## WHAT IS NEEDED
Every line below needs to be returned exactly as written.

____

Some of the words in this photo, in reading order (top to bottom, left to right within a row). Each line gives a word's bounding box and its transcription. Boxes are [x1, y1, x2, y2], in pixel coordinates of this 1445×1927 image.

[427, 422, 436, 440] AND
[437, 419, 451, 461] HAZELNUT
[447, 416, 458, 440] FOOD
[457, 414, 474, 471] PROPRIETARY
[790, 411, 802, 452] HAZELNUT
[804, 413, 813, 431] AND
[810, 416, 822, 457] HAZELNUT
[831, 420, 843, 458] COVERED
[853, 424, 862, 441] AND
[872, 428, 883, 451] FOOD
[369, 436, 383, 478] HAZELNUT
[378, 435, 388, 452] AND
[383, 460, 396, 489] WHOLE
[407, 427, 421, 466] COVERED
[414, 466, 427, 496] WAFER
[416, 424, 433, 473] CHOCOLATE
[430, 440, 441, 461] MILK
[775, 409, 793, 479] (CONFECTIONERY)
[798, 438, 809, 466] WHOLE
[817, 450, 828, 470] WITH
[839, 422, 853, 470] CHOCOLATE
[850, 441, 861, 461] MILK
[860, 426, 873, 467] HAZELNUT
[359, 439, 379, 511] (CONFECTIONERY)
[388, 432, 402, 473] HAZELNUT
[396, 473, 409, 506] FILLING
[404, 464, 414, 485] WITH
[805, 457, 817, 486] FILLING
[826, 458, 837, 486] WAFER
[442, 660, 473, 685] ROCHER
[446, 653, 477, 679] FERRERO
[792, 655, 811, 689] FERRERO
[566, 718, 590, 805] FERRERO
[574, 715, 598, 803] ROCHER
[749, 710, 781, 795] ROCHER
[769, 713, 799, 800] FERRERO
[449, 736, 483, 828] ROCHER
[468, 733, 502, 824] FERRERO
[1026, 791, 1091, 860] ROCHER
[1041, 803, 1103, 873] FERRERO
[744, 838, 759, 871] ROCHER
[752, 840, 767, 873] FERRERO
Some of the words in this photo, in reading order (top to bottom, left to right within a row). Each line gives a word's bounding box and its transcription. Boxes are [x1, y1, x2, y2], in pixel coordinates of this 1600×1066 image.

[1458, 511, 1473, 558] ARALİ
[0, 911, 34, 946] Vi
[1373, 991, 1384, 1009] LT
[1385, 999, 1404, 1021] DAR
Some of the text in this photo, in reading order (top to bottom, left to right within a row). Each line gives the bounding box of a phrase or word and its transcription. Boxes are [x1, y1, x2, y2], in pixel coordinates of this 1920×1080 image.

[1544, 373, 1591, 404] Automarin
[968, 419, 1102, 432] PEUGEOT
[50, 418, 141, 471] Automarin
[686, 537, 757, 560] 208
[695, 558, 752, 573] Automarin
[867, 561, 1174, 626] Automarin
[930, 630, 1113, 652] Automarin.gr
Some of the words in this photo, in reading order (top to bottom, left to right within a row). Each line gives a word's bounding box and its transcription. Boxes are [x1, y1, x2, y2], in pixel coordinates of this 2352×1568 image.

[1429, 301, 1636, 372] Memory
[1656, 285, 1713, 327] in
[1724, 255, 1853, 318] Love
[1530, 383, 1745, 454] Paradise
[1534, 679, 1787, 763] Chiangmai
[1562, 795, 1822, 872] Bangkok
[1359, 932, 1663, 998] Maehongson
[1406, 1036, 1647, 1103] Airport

____

## EXERCISE RESULT
Some of the words in this photo, in reading order (top to bottom, left to right within a row). Each line gives a word's bounding box and its transcription. Boxes are [x1, y1, x2, y2], in pixel coordinates of this 1445×1927 image.

[427, 422, 436, 440] AND
[437, 419, 451, 461] HAZELNUT
[447, 416, 458, 440] FOOD
[457, 414, 474, 471] PROPRIETARY
[790, 411, 802, 452] HAZELNUT
[804, 413, 813, 431] AND
[810, 416, 822, 457] HAZELNUT
[831, 420, 843, 458] COVERED
[853, 424, 862, 441] AND
[872, 428, 883, 451] FOOD
[369, 436, 383, 478] HAZELNUT
[378, 435, 388, 452] AND
[383, 460, 396, 489] WHOLE
[407, 427, 421, 466] COVERED
[414, 466, 427, 496] WAFER
[416, 424, 433, 473] CHOCOLATE
[430, 440, 441, 461] MILK
[775, 409, 793, 479] (CONFECTIONERY)
[798, 438, 809, 466] WHOLE
[817, 450, 828, 470] WITH
[839, 422, 853, 470] CHOCOLATE
[850, 441, 861, 461] MILK
[860, 426, 873, 467] HAZELNUT
[359, 439, 379, 511] (CONFECTIONERY)
[388, 432, 402, 473] HAZELNUT
[396, 473, 409, 506] FILLING
[404, 464, 414, 485] WITH
[805, 457, 817, 486] FILLING
[826, 458, 837, 486] WAFER
[442, 660, 473, 685] ROCHER
[446, 653, 477, 679] FERRERO
[792, 655, 811, 689] FERRERO
[566, 718, 590, 805] FERRERO
[574, 715, 598, 803] ROCHER
[749, 710, 781, 795] ROCHER
[769, 713, 799, 800] FERRERO
[449, 736, 483, 828] ROCHER
[468, 733, 502, 824] FERRERO
[1026, 791, 1091, 860] ROCHER
[1041, 803, 1103, 873] FERRERO
[744, 838, 759, 871] ROCHER
[752, 840, 767, 873] FERRERO
Some of the words in this photo, in reading order (top to bottom, left to right within a row). Each line gives a word's bounding box and its transcription. Boxes are [x1, y1, x2, y2], in pixel coordinates of this 1600×1066 image.

[1458, 511, 1473, 558] ARALİ
[0, 911, 34, 946] Vi
[1373, 991, 1384, 1009] LT
[1385, 999, 1404, 1021] DAR
Some of the text in this photo, in reading order (top to bottom, left to right within a row). Each line gives the bounding box of a phrase or word and its transcription. Boxes are [x1, y1, x2, y2], in pixel coordinates of this 1920×1080 image.

[1544, 373, 1591, 404] Automarin
[968, 419, 1102, 432] PEUGEOT
[50, 418, 141, 471] Automarin
[686, 537, 757, 560] 208
[695, 558, 752, 573] Automarin
[867, 561, 1174, 626] Automarin
[930, 630, 1113, 652] Automarin.gr
Some of the words in this photo, in reading order (top to bottom, left to right within a row). Each line gives a word's bounding box and its transcription. Boxes are [x1, y1, x2, y2], in pixel coordinates of this 2352×1568 image.

[1429, 301, 1636, 372] Memory
[1656, 285, 1713, 327] in
[1724, 255, 1853, 318] Love
[1530, 383, 1745, 454] Paradise
[1534, 679, 1787, 763] Chiangmai
[1562, 795, 1822, 872] Bangkok
[1359, 932, 1663, 998] Maehongson
[1406, 1036, 1647, 1103] Airport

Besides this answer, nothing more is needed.